§ **DESCRIPTION OF THE TASK**: All the lines below need to be output exactly, apart from any images.

[Image-backed grounding data]
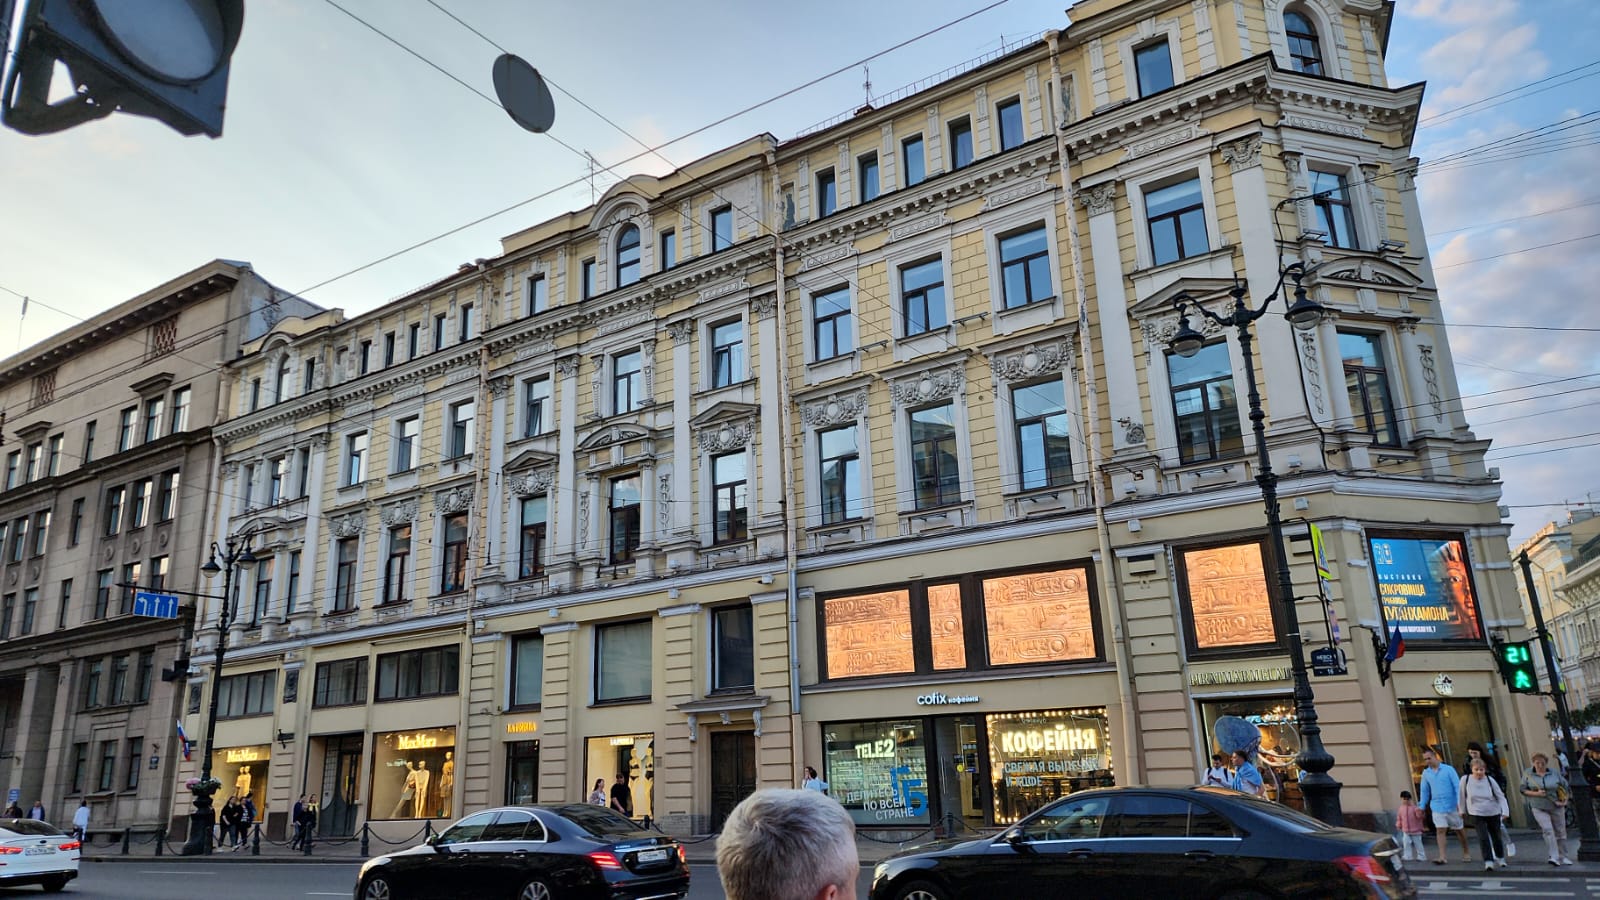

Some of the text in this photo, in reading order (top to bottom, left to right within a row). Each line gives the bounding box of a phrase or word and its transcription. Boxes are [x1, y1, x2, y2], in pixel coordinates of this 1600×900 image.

[1379, 583, 1426, 597] СОКРОВИЩА
[1383, 605, 1449, 621] ТУТАНХАМОНА
[1507, 646, 1529, 663] 21
[917, 691, 947, 705] cofix
[1001, 723, 1098, 753] КОФЕЙНЯ
[855, 738, 895, 759] TELE2
[1004, 761, 1046, 774] СВЕЖАЯ
[863, 800, 878, 812] ПО
[875, 806, 915, 821] СТРАНЕ

§ **OUTPUT OF THE EXERCISE**:
Some of the text in this photo, in reading order (top to bottom, left to right within a row). Each line gives the bounding box of a phrase or word and its transcription. Boxes are [x1, y1, x2, y2], in pixel coordinates of this 1600×900 image.

[1379, 583, 1426, 597] СОКРОВИЩА
[1383, 605, 1449, 621] ТУТАНХАМОНА
[1507, 646, 1529, 663] 21
[917, 691, 947, 705] cofix
[1001, 723, 1098, 753] КОФЕЙНЯ
[855, 738, 895, 759] TELE2
[1004, 761, 1046, 774] СВЕЖАЯ
[863, 800, 878, 812] ПО
[875, 806, 915, 821] СТРАНЕ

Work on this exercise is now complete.